In our case, we focus on the face. This brings some specific challenges, like:

-: Variability in facial expressions mimics.
-: Occlusions by hair, glasses, or other objects.
-: Face diversity due to age, gender, ethnicity, and injuries.
-: Some diseases have an impact on facial structure, typically Down syndrome.

4. Approaches

There have been multiple approaches developed to overcome the challenges mentioned in the previous chapter.

4.1. Strict Data Acquisition Protocol

Some variations in data can be minimized by using a strict data acquisition protocol, such as controlling for occlusions or facial expressions.

4.2. Transfer Learning and Data Augmentation

Deep learning (DL) has outperformed other computer vision techniques in many applications. Its hunger for data, however, poses a big problem for medical applications where training data are not easily available. The solution to this challenge used by the authors of the paper [29] is transfer learning (TL) and data augmentation (DA). Their objective was to develop and evaluate algorithms for the automated extraction of orofacial landmarks that characterize airway morphology. They defined 27 frontal + and 13 lateral landmarks and were able to collect n = 317 pairs of pre-surgery photos from patients undergoing general anesthesia (140 females and 177 males). The landmarks were independently annotated by two anesthesiologists to get a reference for the supervised learning. The authors then trained two deep convolution neural networks (DCNNs) [29] with this data, one for the frontal view and one for the later view. Their DCNN’s had worked with 2D inputs; however, the authors concluded that in the future they will be focusing on the estimation of 3D landmarks.

Transfer learning is an approach where a DL network is first trained with other data than the final training set, or even a publicly available network is used in this step. Then this knowledge is reused when training with the final training set is performed.

To extend the training dataset, data augmentation was performed. It was implemented as a combination of various transformations of the input images-zoom, rotation, shear, flip, color shift, etc.

4.3. Hybrid Template and Knowledge-Based Approach

Another approach to dealing with the described challenges is the template- and knowledge-based approach.

The authors of the paper [27] proposed a hybrid template- and knowledge based method to locate landmarks in 3D surface models of skulls. Over thirty 3D scans of male Caucasian skulls were used to validate the approach. On each scan, 58 craniometric landmarks were annotated in a two-step process.
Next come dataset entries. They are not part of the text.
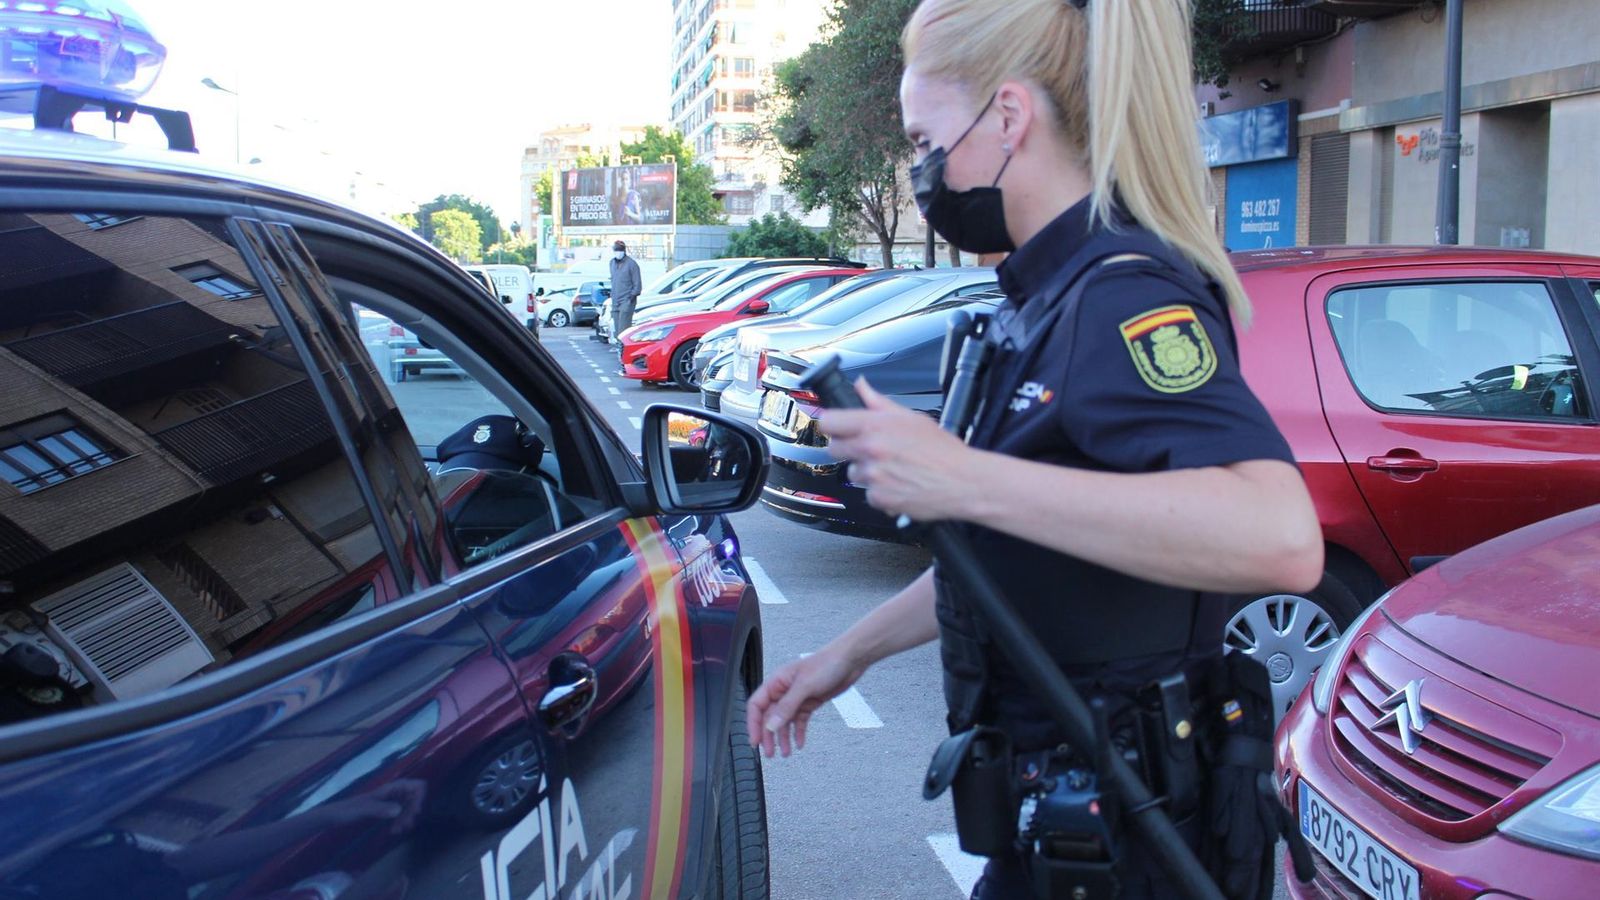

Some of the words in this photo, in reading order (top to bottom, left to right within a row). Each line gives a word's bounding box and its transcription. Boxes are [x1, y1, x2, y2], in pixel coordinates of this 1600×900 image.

[1241, 201, 1253, 218] 963
[1254, 200, 1267, 216] 482
[1268, 199, 1280, 216] 267
[1311, 799, 1360, 879] 8792
[1366, 846, 1411, 900] CRY
First, a deformable template was used to estimate the initial landmark positions. This procedure followed a template-based strategy where a reference 3D template was aligned to the target mesh model of the skull. The publicly available MeshMonk registration toolbox, which performs non-rigid registration, was utilized for this purpose [30]. Then the refinement step followed. The previously estimated landmark positions were further improved using prior anatomical knowledge in the form of geometric cues. Refinement was bounded by a region of interest established for each landmark. The following set of geometric cues (heuristics) was employed:

-: Symmetry
-: Contour information
-: Local curvature
-: Ridges
-: Instrumental

A statistical analysis of the variability of manual and automatic annotations was performed with the following results:

Inter-observer and intra-observer manual annotation errors were estimated to have a mean of 1.62 ± 1.2 mm.

The automatic annotation error was estimated to have a mean of 2.25 ± 1.6 mm, and it was observed that the results were profoundly influenced by the quality and accuracy of the underlying 3D model.

In 2021, authors published a study [31] that focused on automatic craniomaxillofacial 3D dense phenotyping. The study elaborates on the reliability and accuracy of the automatic phenotyping approach employing the MeshMonk toolbox. Phenotyping was performed on 30 unaltered and 20 altered, i.e., operated, human mandibles. The MeshMonk toolbox performed non-rigid registration of a template mesh, which consisted of 17,415 landmarks. The authors called these landmarks “quasi landmarks” to distinguish them from the anatomical landmarks. Out of these 17,415 quasi-landmarks, 26 corresponded to actual anatomical landmarks. Anatomical landmarks were also annotated manually by seven observers. Repeated measurements confirmed excellent automatic repeated-measures reliability. The annotation error between manual and automatic measurements was estimated to have a mean of 1.4 mm for the unaltered mandibles and 1.76 mm for the operated mandibles.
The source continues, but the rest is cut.